Her boyfriend told her she had to have an abortion, otherwise everyone would think she was ‘sleeping around’. Wendy was nine weeks pregnant when she visited the regional community health centre, a two hour return drive away. The sexual health nurse discussed pregnancy options with Wendy, explaining that additional time needed for blood tests and screening ruled out medical termination. Wendy’s parents were angry with her and demanded she organise a surgical termination in Melbourne, 300 kilometres away.

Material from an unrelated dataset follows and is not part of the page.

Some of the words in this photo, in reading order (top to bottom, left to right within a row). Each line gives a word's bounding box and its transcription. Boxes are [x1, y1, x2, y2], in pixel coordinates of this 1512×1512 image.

So, there were a few different forms of reproductive coercion going on here. Firstly, from the pharmacist, who blocked her access to contraception, secondly her boyfriend, who tried to coerce her into having an abortion, and finally, from her parents, who further coerced her into terminating the pregnancy. “Embarrassment, fear of, or shame from family, community and refusal of doctor of pharmacist to supply contraception” was rated as the “top” issues affecting young people’s sexual health according to the young women and men surveyed in regional Victoria.
Additionally, it is common that many pregnant people feel as though they are trapped. That they must continue a pregnancy they don’t want because of reproductive coercion. Good access to abortion providers is essential in preventing this. Especially for rural Australians like Wendy or people facing other barriers, such as having a low-income or dealing with cultural pressures. In a lot of cases, pregnant people finding their way to the abortion clinic or GP can be the hardest part. This should not be the case.

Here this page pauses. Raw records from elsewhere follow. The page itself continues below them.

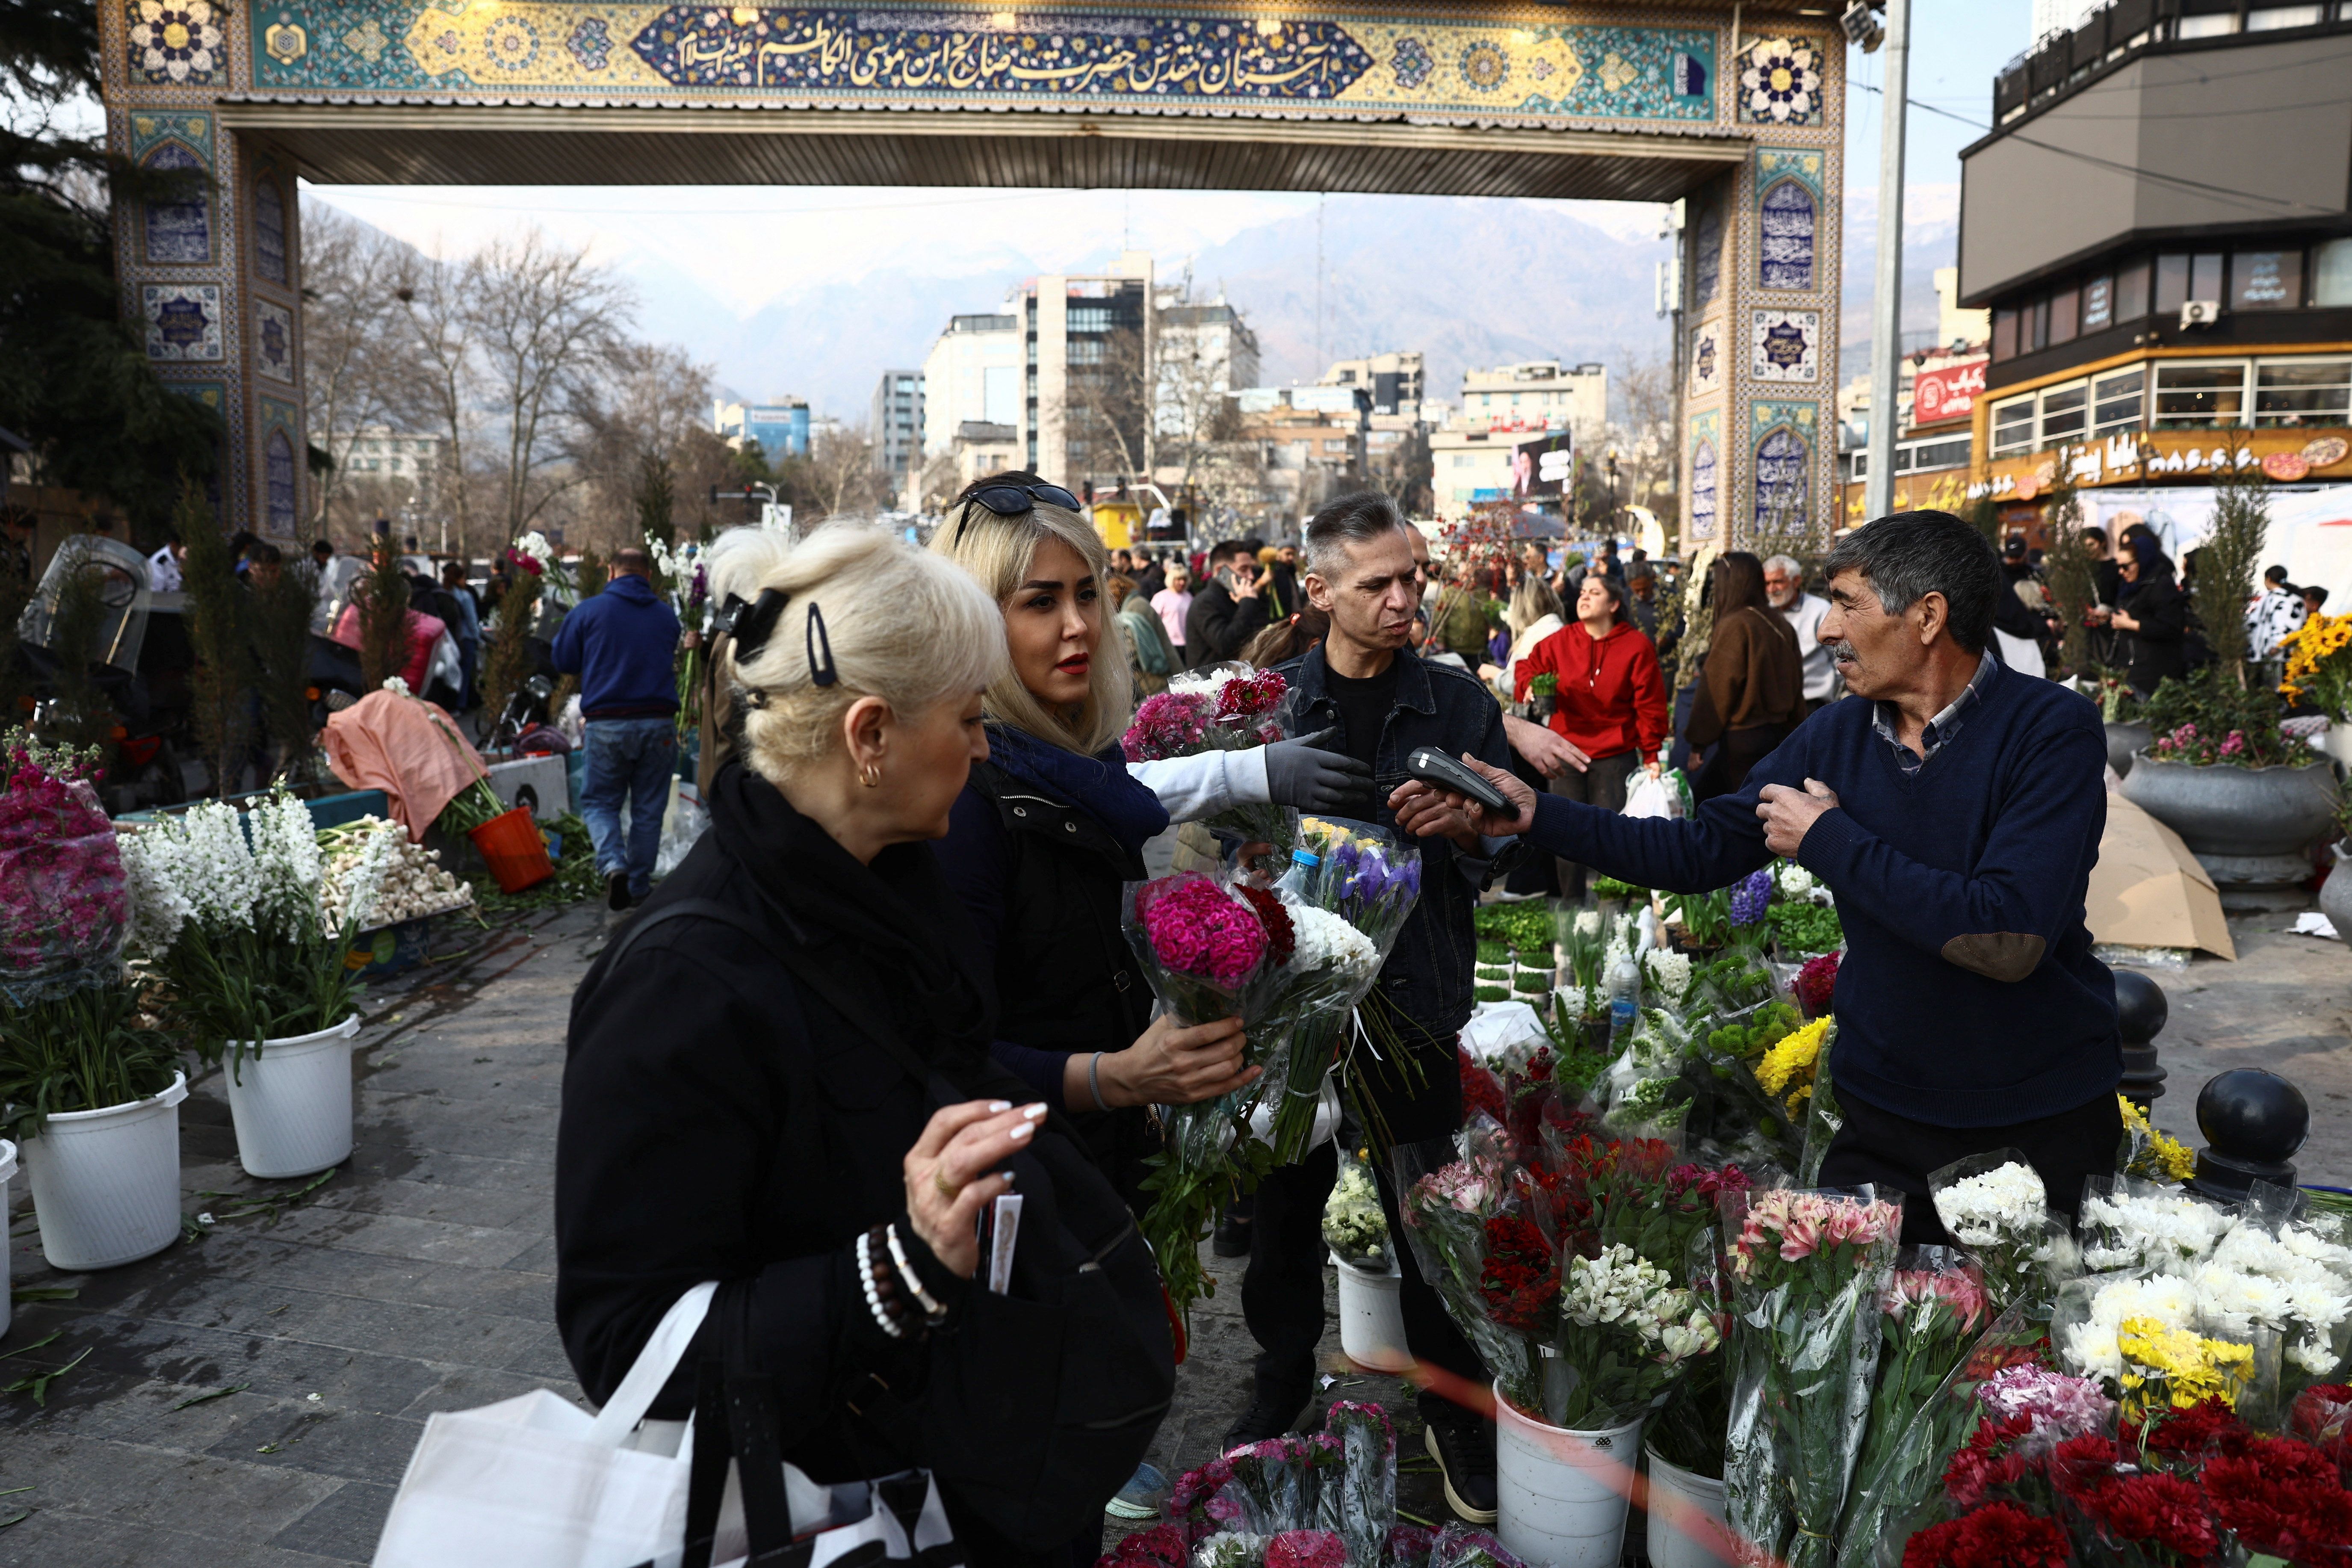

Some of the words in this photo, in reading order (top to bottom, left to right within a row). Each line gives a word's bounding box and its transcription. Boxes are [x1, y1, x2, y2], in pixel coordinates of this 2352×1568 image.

[757, 18, 852, 88] الکاظم
[903, 38, 950, 87] ابن
[948, 32, 1012, 89] صالح
[1011, 44, 1137, 93] حضرت
[1129, 44, 1201, 93] مقدس
[1199, 42, 1330, 94] آستان
[2106, 431, 2138, 476] بابا

Abortion is a form of healthcare and should be easily accessible to everyone.
So how would overturning Roe v Wade intersect with reproductive coercion? Before the Roe v Wade case in 1973, which legalised abortion in all states of America, there were some states where it was already legalised and others where it was not. This patchwork of states with pro-choice laws is likely to reoccur if the US supreme court overturns the case. Therefore, abortion will not be completely inaccessible in America. However, the issue is that abortion will become a privilege that, in most cases, only wealthy, white women will be given access to. If a pregnant person cannot afford to travel to a different state, cannot get time off work, or are already caring for children, abortion suddenly becomes inaccessible. Additionally, consider the research previously mentioned where 60% of cases of reproductive coercion involved coercion towards continuing the pregnancy. These coercion tactics involve anything from deliberately spending the money a person is saving to have an abortion to more physical acts, such as not allowing them to leave the house. A person in that situation will not be able to cross state borders to receive an abortion. Overturning Roe v Wade will not only result in more unsafe abortions, but it acts as an enabler for reproductive coercion.

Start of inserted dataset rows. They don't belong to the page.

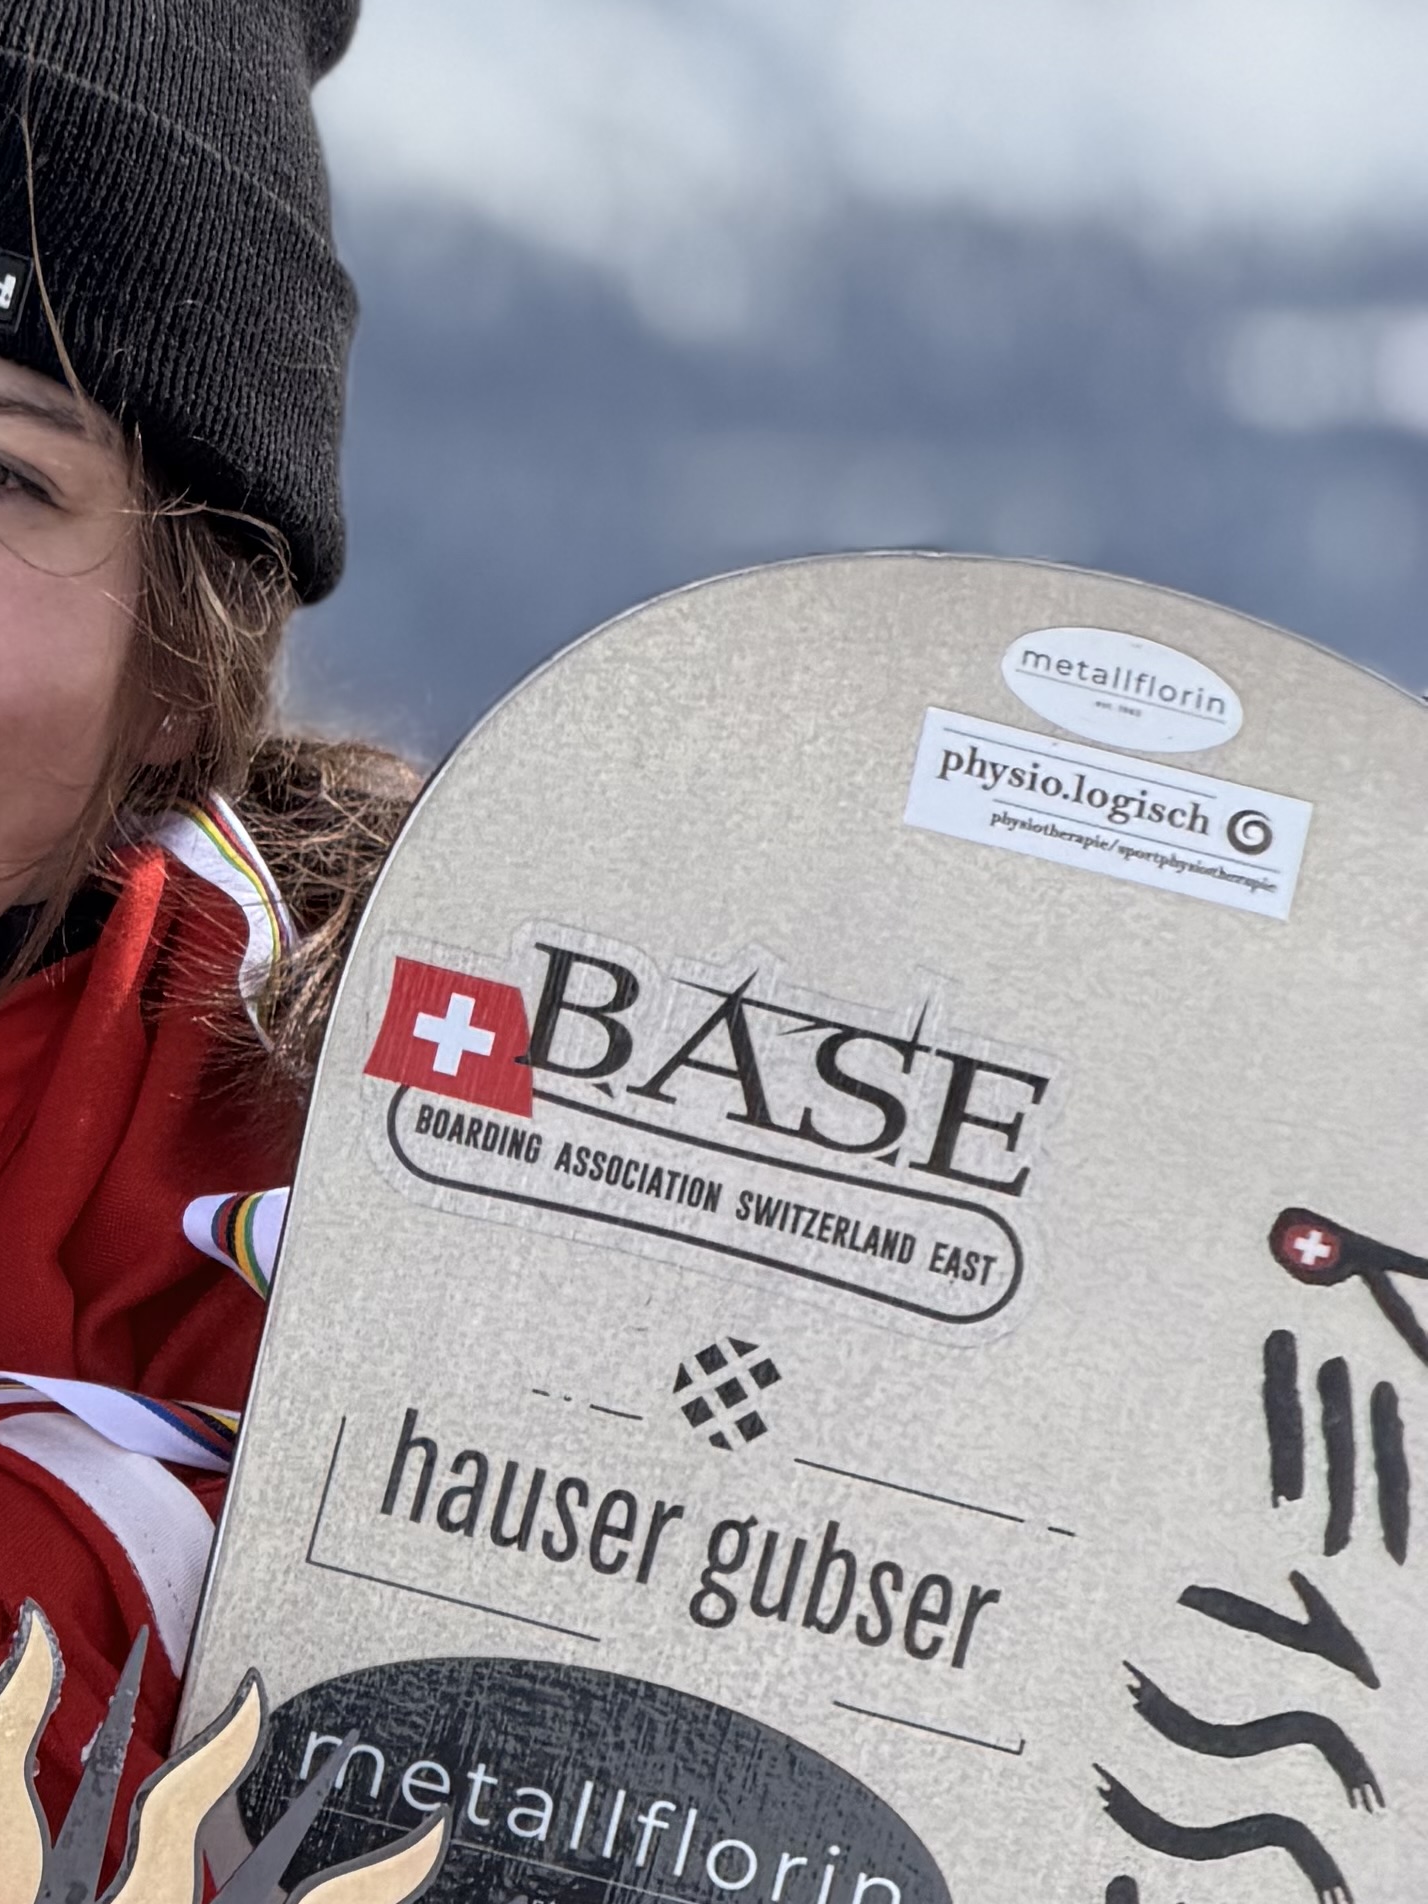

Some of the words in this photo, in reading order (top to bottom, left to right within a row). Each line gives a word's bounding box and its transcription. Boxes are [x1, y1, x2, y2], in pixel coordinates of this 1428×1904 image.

[1020, 647, 1227, 717] metallflorin
[936, 746, 1210, 835] physio.logisch
[514, 941, 1050, 1197] BASE
[414, 1104, 543, 1164] BOARDING
[554, 1141, 722, 1211] ASSOCIATION
[736, 1191, 916, 1265] SWITZERLAND
[929, 1242, 997, 1286] EAST
[380, 1408, 684, 1585] hauser
[689, 1514, 1001, 1669] gubser

It is easy to ignore the issues in the US and argue that we live in a country where this would never occur. The Roe vs Wade case is proof that our right to bodily autonomy is still up for debate by some, and that the laws in place to protect us are never truly safe. We need to keep fighting to ensure abortion is an accessible, safe option for every person, and that there are no barriers to getting this essential form of healthcare. I believe reproductive coercion is currently the greatest barrier. That is why the issue of reproductive coercion needs to be a mainstream conversation. So when we have conversations about abuse, reproductive coercion should be one of the forms we talk about. It is through education that we empower people to advocate for themselves and others.
References:
Women’s Legal Service Tasmania. Reproductive Coercion. 2021. Available from: https://womenslegaltas.org.au/wordy/wp-content/uploads/2021/08/Reproductive-Coercion-August-2021.pdf
Reid S, Owen F, Lee-Ack E, Hendron M, Currie T. Submission to Marie Stopes Australia Victorian Rural Women’s Health Organisations. 2018. Available from: https://www.whealth.com.au/wp-content/uploads/2020/08/Reproductive-coercion-Marie-Stopes-Submission-%E2%80%93-March-2018.pdf
Marie Stopes Australia. ‘Hidden forces: a white paper on reproductive coercion in contexts of family and domestic violence – Second edition’. Melbourne: Marie Stopes Australia; 2020.